(Records drawn from a dataset)
_ _ _

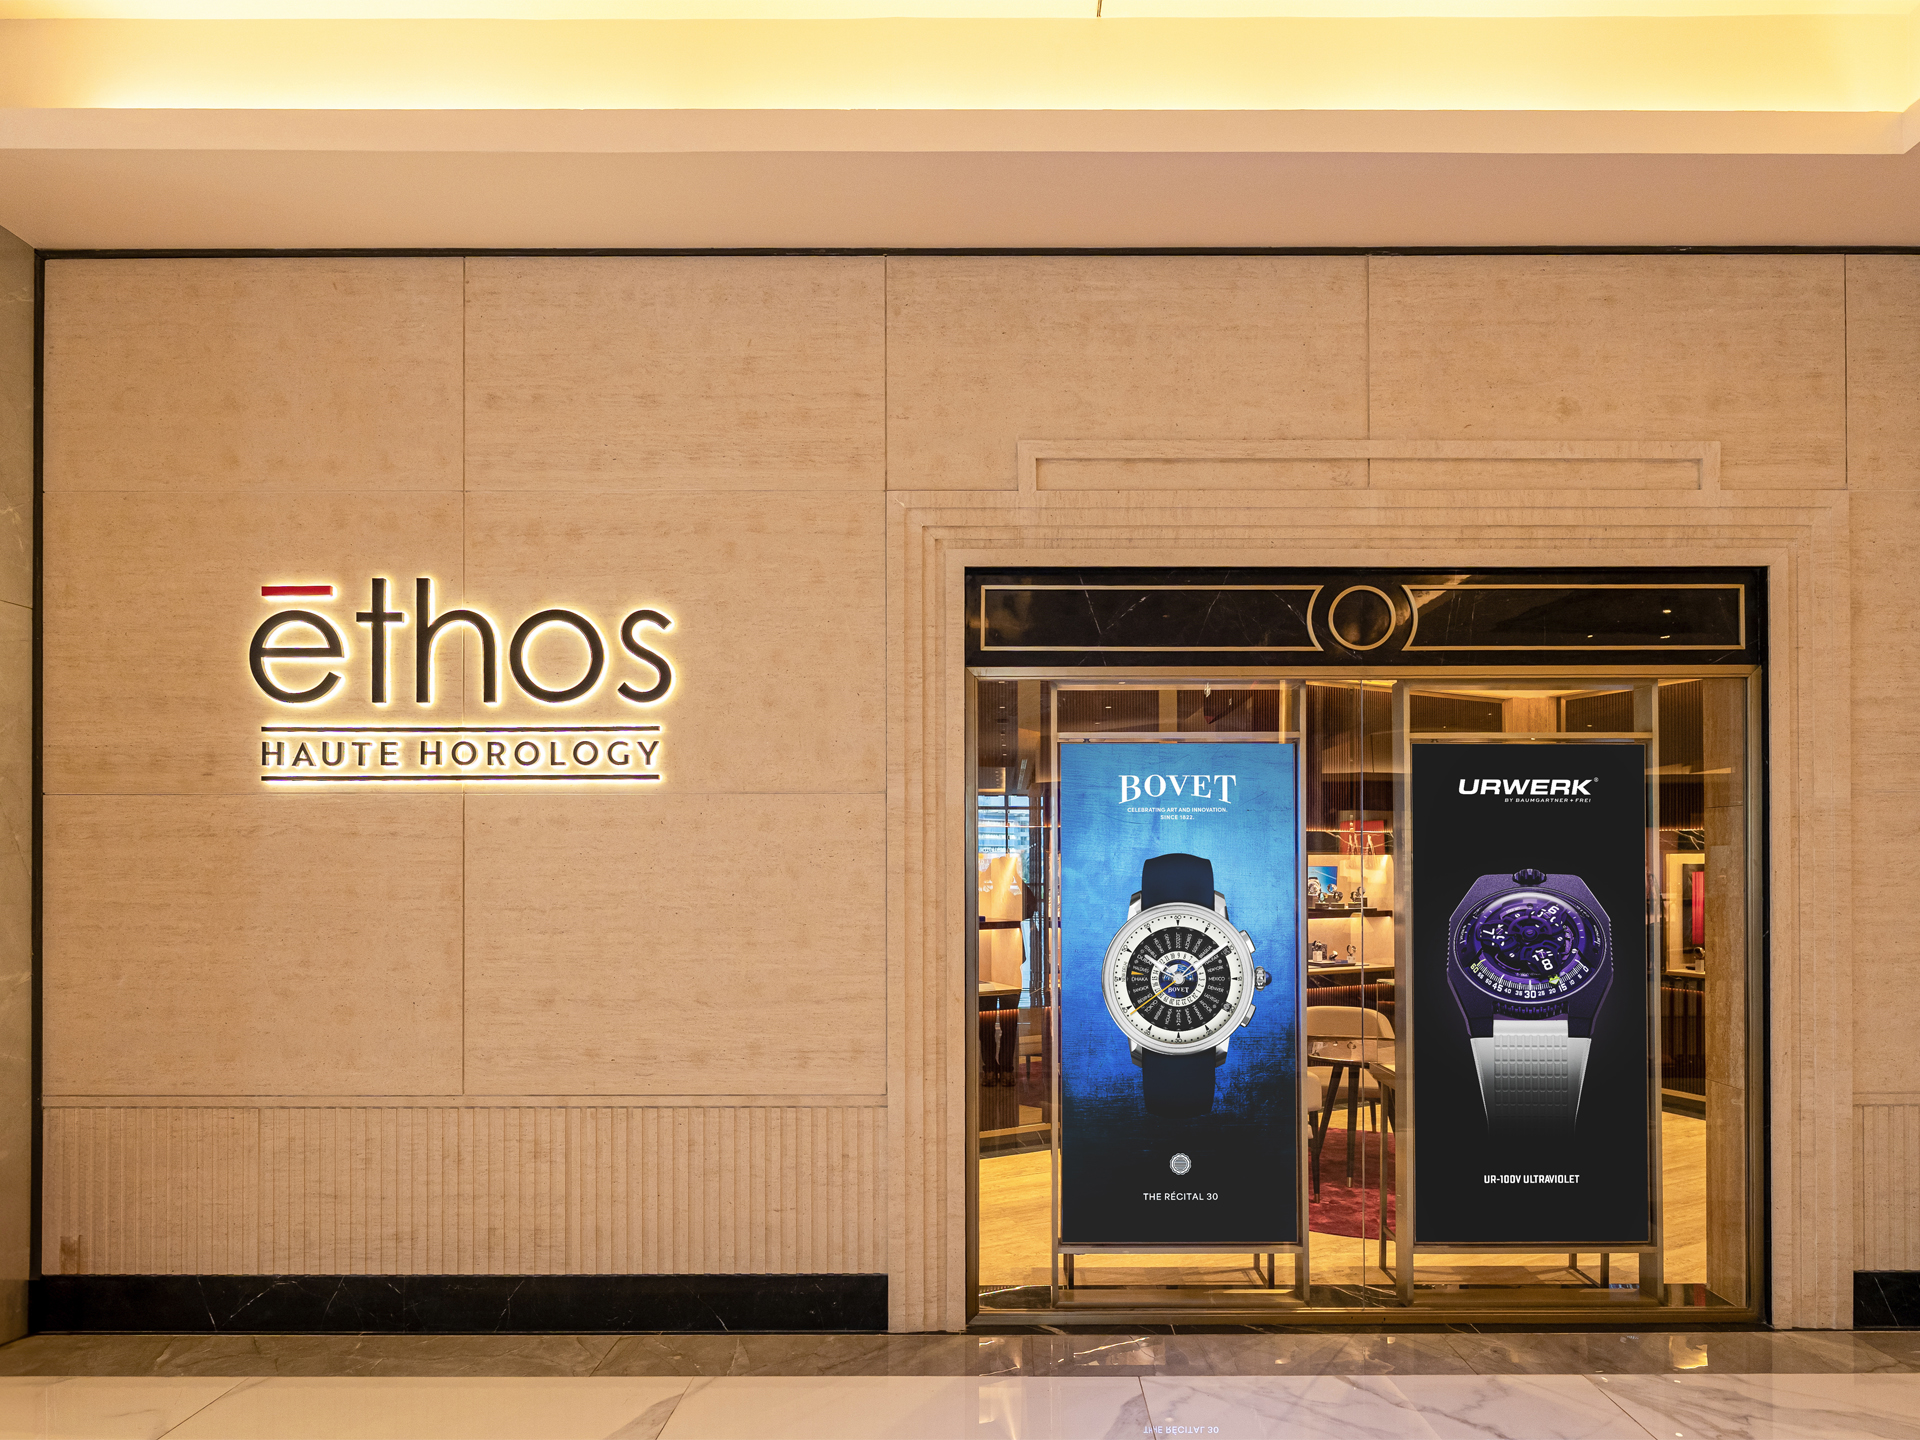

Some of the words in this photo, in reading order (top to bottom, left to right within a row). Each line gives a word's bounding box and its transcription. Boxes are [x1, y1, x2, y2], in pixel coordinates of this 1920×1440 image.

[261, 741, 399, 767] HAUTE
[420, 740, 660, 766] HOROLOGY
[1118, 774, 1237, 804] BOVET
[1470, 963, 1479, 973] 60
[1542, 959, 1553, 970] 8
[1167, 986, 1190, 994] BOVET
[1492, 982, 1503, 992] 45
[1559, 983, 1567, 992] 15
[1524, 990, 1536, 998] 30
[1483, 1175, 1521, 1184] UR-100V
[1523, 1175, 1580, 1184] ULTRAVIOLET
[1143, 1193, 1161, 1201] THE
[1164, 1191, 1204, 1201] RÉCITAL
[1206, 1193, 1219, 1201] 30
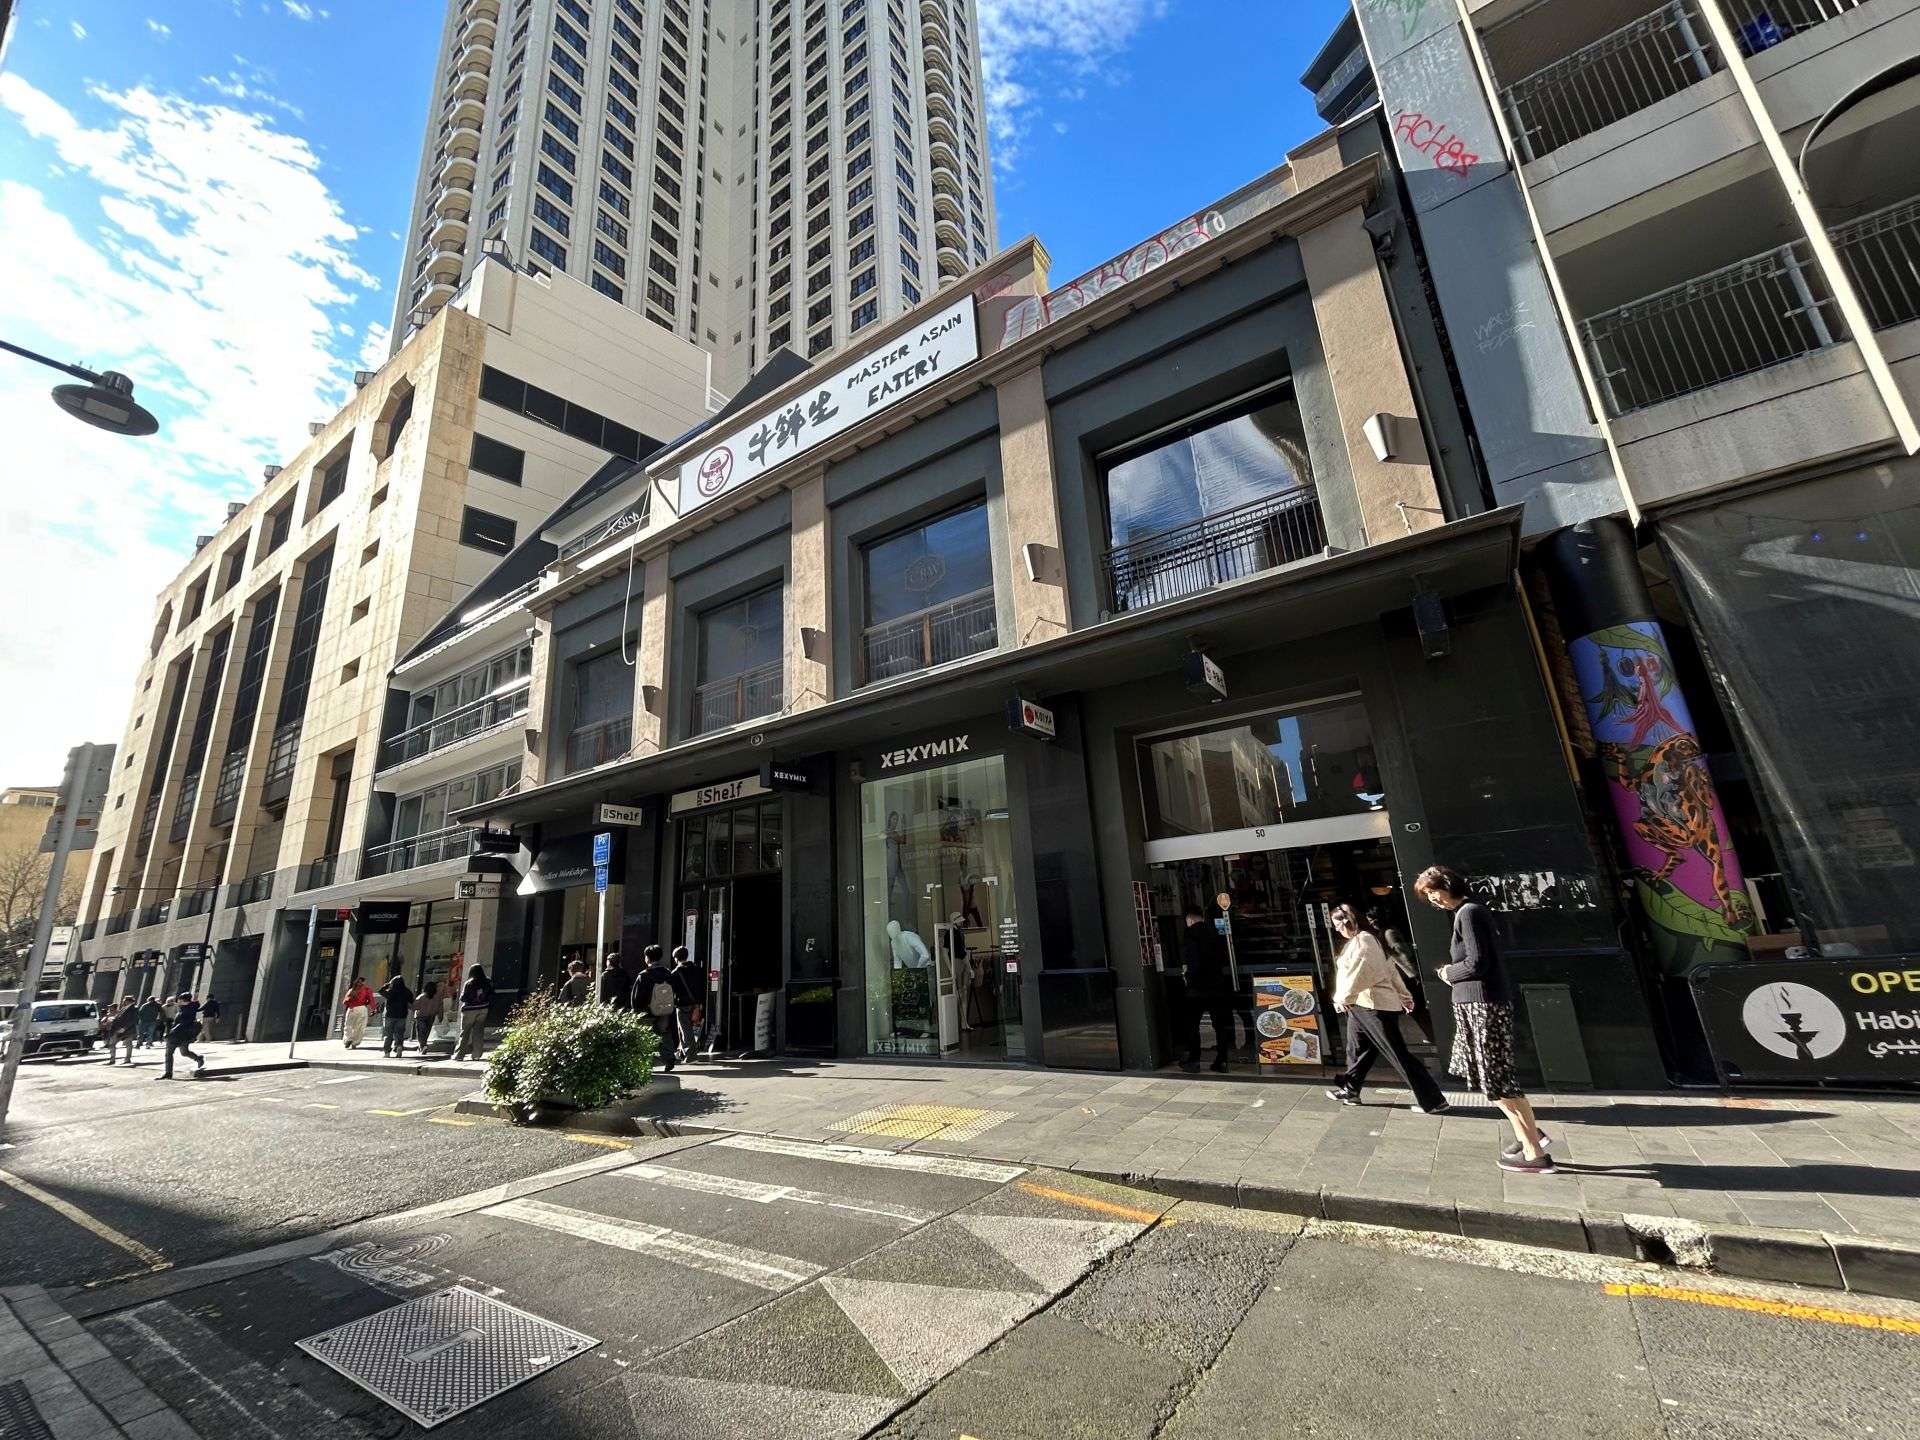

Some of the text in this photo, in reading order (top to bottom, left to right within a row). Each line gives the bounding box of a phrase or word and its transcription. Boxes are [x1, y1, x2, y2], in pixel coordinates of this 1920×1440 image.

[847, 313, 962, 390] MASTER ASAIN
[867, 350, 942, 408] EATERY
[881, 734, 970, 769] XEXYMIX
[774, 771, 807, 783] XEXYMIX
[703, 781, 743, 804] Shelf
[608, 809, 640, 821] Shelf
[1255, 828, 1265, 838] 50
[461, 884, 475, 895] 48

_ _ _

Print all the entries again exactly as written, but without the pictures.

◆ **ANSWER TO THIS TASK**
Some of the words in this photo, in reading order (top to bottom, left to right within a row). Each line gives a word's bounding box and its transcription. Boxes are [x1, y1, x2, y2], in pixel coordinates of this 1920×1440 image.

[261, 741, 399, 767] HAUTE
[420, 740, 660, 766] HOROLOGY
[1118, 774, 1237, 804] BOVET
[1470, 963, 1479, 973] 60
[1542, 959, 1553, 970] 8
[1167, 986, 1190, 994] BOVET
[1492, 982, 1503, 992] 45
[1559, 983, 1567, 992] 15
[1524, 990, 1536, 998] 30
[1483, 1175, 1521, 1184] UR-100V
[1523, 1175, 1580, 1184] ULTRAVIOLET
[1143, 1193, 1161, 1201] THE
[1164, 1191, 1204, 1201] RÉCITAL
[1206, 1193, 1219, 1201] 30

Some of the text in this photo, in reading order (top to bottom, left to right within a row). Each line gives the bounding box of a phrase or word and its transcription. Boxes are [x1, y1, x2, y2], in pixel coordinates of this 1920×1440 image.

[847, 313, 962, 390] MASTER ASAIN
[867, 350, 942, 408] EATERY
[881, 734, 970, 769] XEXYMIX
[774, 771, 807, 783] XEXYMIX
[703, 781, 743, 804] Shelf
[608, 809, 640, 821] Shelf
[1255, 828, 1265, 838] 50
[461, 884, 475, 895] 48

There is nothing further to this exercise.